Fang Zhuo berkata, “Aku mirip ibuku.”

Wanita itu mengamati wajahnya sejenak, lalu melambaikan tangan sambil tertawa, "Bukannya aku tidak pernah melihat ibumu saat dia masih muda. Memang ada sedikit kemiripan, tapi menurutku kamu lebih mirip ayahmu."

Fang Zhuo berkata dengan bijaksana, “Nama keluarga ibuku adalah Ye.”

Wanita itu tertegun sejenak, matanya melirik ke arah Fang Yiming. Jelas, dia tidak tahu bahwa rekan kerja yang telah bekerja selama lebih dari sepuluh tahun ini memiliki mantan istri.

Fang Yiming tertawa kecil dan menjelaskan, “Dulu dia tinggal bersama neneknya di pedesaan. Dia baru pindah ke sini setelah ibuku meninggal. Sekarang dia kelas tiga SMA, biasanya tinggal di sekolah. Aku jarang bertemu dengannya.”
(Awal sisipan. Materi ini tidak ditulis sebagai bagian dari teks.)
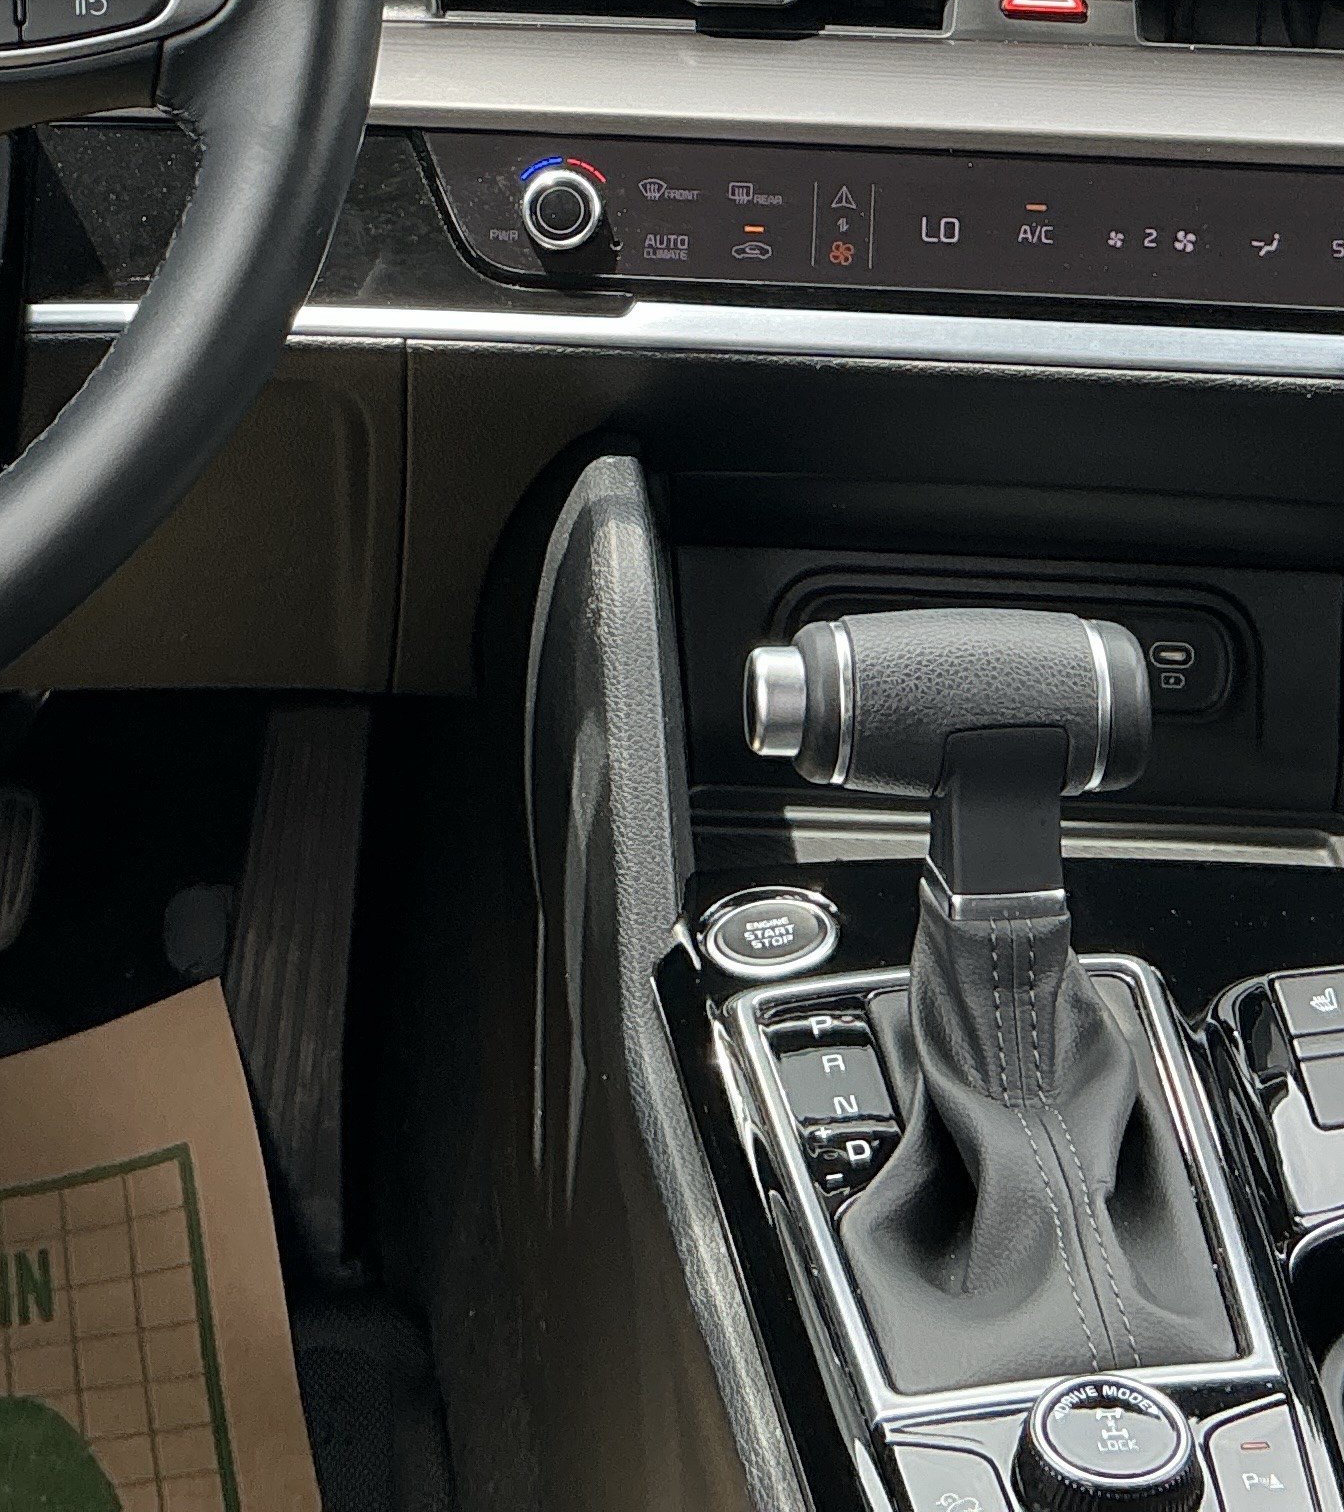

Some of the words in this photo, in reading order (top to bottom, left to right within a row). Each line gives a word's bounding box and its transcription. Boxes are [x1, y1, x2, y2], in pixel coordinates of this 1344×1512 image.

[664, 188, 702, 201] FRONT
[753, 193, 783, 206] REAR
[489, 228, 519, 242] PWR
[921, 216, 961, 244] LO
[1017, 224, 1055, 245] A/C
[643, 233, 689, 249] AUTO
[1143, 229, 1158, 249] 2
[643, 248, 689, 261] CLIMATE
[745, 915, 790, 931] ENGINE
[744, 924, 795, 941] START
[750, 934, 794, 949] STOP
[810, 1015, 833, 1038] P
[821, 1053, 846, 1074] R
[833, 1094, 859, 1116] N
[845, 1139, 872, 1162] D
[1056, 1385, 1099, 1417] DRIVE
[1102, 1384, 1155, 1412] MODE
[1097, 1438, 1140, 1452] LOCK
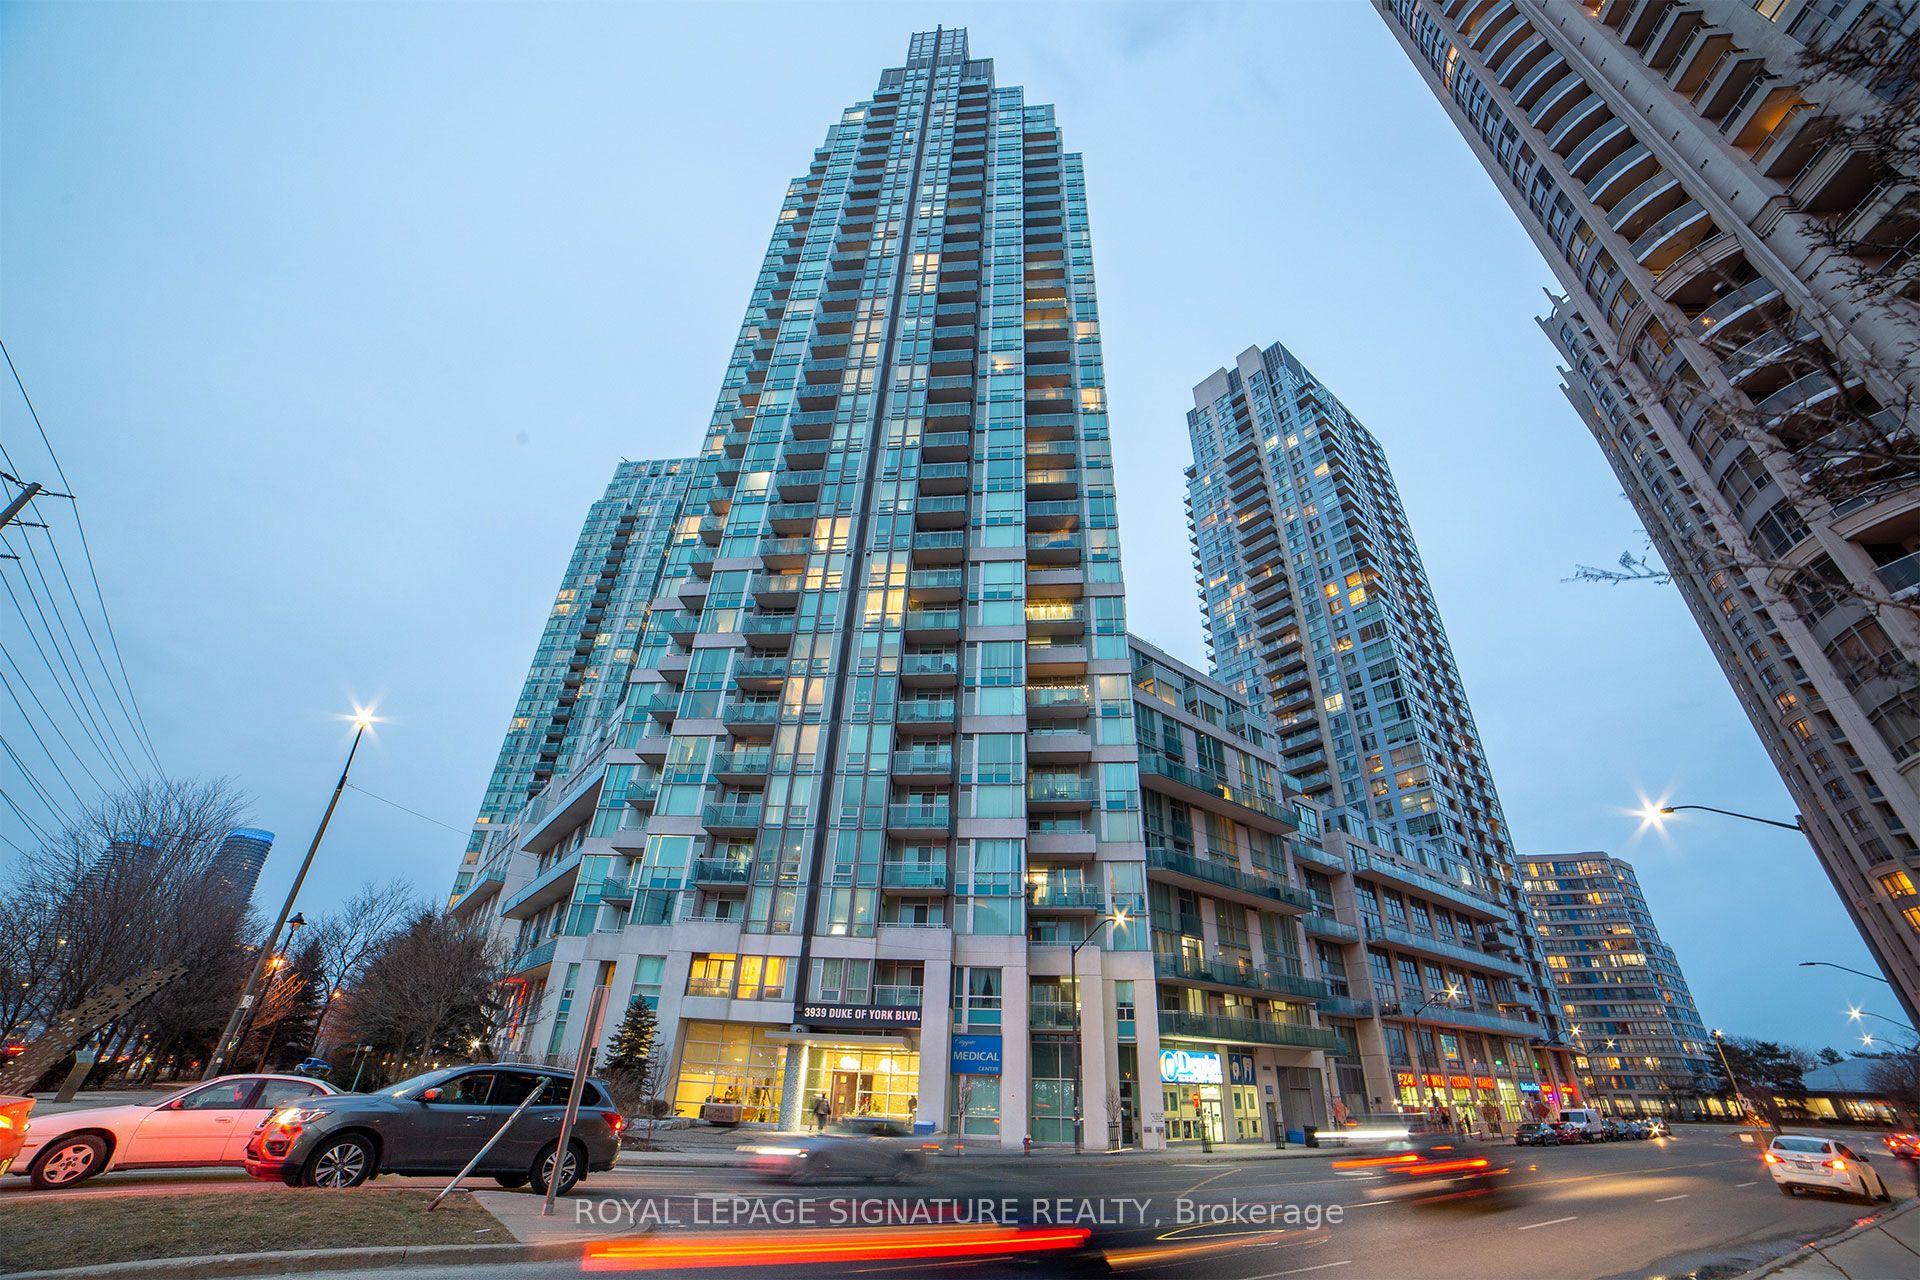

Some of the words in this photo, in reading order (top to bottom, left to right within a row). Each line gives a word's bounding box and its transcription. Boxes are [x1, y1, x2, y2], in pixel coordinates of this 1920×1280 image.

“Oh.” Wanita itu hangat dan banyak bicara. Setelah mendengar ini, dia bertanya lagi, “Apakah kamu beradaptasi dengan baik di sini?”

Fang Zhuo menjawab, “Saya pindah ke sana pada tahun kedua, dan sekarang sudah terbiasa.”

Wanita itu melirik logo di seragam sekolahnya dan mengangguk, “A High. Sekolah yang cukup bagus.”

A High tidak termasuk sekolah papan atas di A City, tetapi budaya sekolahnya cukup baik, dan tingkat penerimaan perguruan tingginya cukup tinggi.

Namun, seragam yang dikenakan Fang Zhuo jelas tidak pas, warnanya agak pudar—kemungkinan besar bekas. Wanita itu merasa ada yang janggal tentang itu tetapi tidak terlalu memikirkannya.

Melihat keduanya hendak melanjutkan obrolan, Fang Yiming tiba-tiba bertanya, “Mengapa kamu datang ke sini?”

Sebelum Fang Zhuo sempat menjawab, rekannya itu meninggikan suaranya dan berkata, “Bukankah sudah jelas? Dia datang untuk membawakanmu payung! Lao Fang, terkadang kamu memang terlalu kaku.”

Fang Zhuo menyerahkan payung hitam di tangannya, kepalanya sedikit menunduk, tampak rendah hati dan sopan. “Payung itu masih ada di dekat pintu rumah, jadi aku membawanya untukmu.”

Fang Yiming diam-diam mengambil payung, mengucapkan selamat tinggal singkat kepada rekannya, dan berbalik untuk keluar.

Hujan di luar sudah mulai reda, turun dengan lembut.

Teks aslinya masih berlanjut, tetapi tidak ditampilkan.